## AVAILABLE RECORDS
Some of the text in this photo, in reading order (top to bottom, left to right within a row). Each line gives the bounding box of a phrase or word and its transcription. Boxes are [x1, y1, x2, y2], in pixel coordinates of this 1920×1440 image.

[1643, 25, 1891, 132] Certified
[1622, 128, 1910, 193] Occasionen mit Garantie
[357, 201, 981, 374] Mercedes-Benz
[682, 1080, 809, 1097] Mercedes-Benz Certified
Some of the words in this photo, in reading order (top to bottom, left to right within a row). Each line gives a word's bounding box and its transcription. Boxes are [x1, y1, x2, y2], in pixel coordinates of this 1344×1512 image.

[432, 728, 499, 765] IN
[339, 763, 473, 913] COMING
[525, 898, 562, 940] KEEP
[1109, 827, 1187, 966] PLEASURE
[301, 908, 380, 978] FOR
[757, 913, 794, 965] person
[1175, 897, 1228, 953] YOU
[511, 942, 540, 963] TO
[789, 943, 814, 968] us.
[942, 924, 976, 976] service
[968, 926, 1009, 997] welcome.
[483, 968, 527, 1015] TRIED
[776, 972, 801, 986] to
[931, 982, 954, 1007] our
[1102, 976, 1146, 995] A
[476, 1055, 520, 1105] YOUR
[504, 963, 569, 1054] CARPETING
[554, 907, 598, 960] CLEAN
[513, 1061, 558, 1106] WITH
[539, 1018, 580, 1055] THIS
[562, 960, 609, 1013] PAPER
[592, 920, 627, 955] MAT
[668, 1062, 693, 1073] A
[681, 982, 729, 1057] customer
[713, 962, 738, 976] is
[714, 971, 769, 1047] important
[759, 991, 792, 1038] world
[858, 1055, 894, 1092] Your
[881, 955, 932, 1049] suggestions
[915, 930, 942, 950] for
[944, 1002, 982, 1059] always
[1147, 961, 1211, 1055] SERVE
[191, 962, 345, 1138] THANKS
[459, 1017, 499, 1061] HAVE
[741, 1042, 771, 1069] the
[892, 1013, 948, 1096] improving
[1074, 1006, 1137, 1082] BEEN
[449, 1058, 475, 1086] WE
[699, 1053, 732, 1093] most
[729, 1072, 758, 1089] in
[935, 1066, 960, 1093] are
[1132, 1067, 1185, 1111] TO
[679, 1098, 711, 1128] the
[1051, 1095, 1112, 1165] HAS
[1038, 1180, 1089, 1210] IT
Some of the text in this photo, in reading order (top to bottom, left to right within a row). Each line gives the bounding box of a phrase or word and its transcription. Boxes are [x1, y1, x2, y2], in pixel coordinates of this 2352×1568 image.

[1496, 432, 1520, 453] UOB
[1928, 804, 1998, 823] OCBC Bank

## TASK
The answer must be the full data, repeated word for word.

## RESULT BELOW
Some of the text in this photo, in reading order (top to bottom, left to right within a row). Each line gives the bounding box of a phrase or word and its transcription. Boxes are [x1, y1, x2, y2], in pixel coordinates of this 1920×1440 image.

[1643, 25, 1891, 132] Certified
[1622, 128, 1910, 193] Occasionen mit Garantie
[357, 201, 981, 374] Mercedes-Benz
[682, 1080, 809, 1097] Mercedes-Benz Certified
Some of the words in this photo, in reading order (top to bottom, left to right within a row). Each line gives a word's bounding box and its transcription. Boxes are [x1, y1, x2, y2], in pixel coordinates of this 1344×1512 image.

[432, 728, 499, 765] IN
[339, 763, 473, 913] COMING
[525, 898, 562, 940] KEEP
[1109, 827, 1187, 966] PLEASURE
[301, 908, 380, 978] FOR
[757, 913, 794, 965] person
[1175, 897, 1228, 953] YOU
[511, 942, 540, 963] TO
[789, 943, 814, 968] us.
[942, 924, 976, 976] service
[968, 926, 1009, 997] welcome.
[483, 968, 527, 1015] TRIED
[776, 972, 801, 986] to
[931, 982, 954, 1007] our
[1102, 976, 1146, 995] A
[476, 1055, 520, 1105] YOUR
[504, 963, 569, 1054] CARPETING
[554, 907, 598, 960] CLEAN
[513, 1061, 558, 1106] WITH
[539, 1018, 580, 1055] THIS
[562, 960, 609, 1013] PAPER
[592, 920, 627, 955] MAT
[668, 1062, 693, 1073] A
[681, 982, 729, 1057] customer
[713, 962, 738, 976] is
[714, 971, 769, 1047] important
[759, 991, 792, 1038] world
[858, 1055, 894, 1092] Your
[881, 955, 932, 1049] suggestions
[915, 930, 942, 950] for
[944, 1002, 982, 1059] always
[1147, 961, 1211, 1055] SERVE
[191, 962, 345, 1138] THANKS
[459, 1017, 499, 1061] HAVE
[741, 1042, 771, 1069] the
[892, 1013, 948, 1096] improving
[1074, 1006, 1137, 1082] BEEN
[449, 1058, 475, 1086] WE
[699, 1053, 732, 1093] most
[729, 1072, 758, 1089] in
[935, 1066, 960, 1093] are
[1132, 1067, 1185, 1111] TO
[679, 1098, 711, 1128] the
[1051, 1095, 1112, 1165] HAS
[1038, 1180, 1089, 1210] IT
Some of the text in this photo, in reading order (top to bottom, left to right within a row). Each line gives the bounding box of a phrase or word and its transcription. Boxes are [x1, y1, x2, y2], in pixel coordinates of this 2352×1568 image.

[1496, 432, 1520, 453] UOB
[1928, 804, 1998, 823] OCBC Bank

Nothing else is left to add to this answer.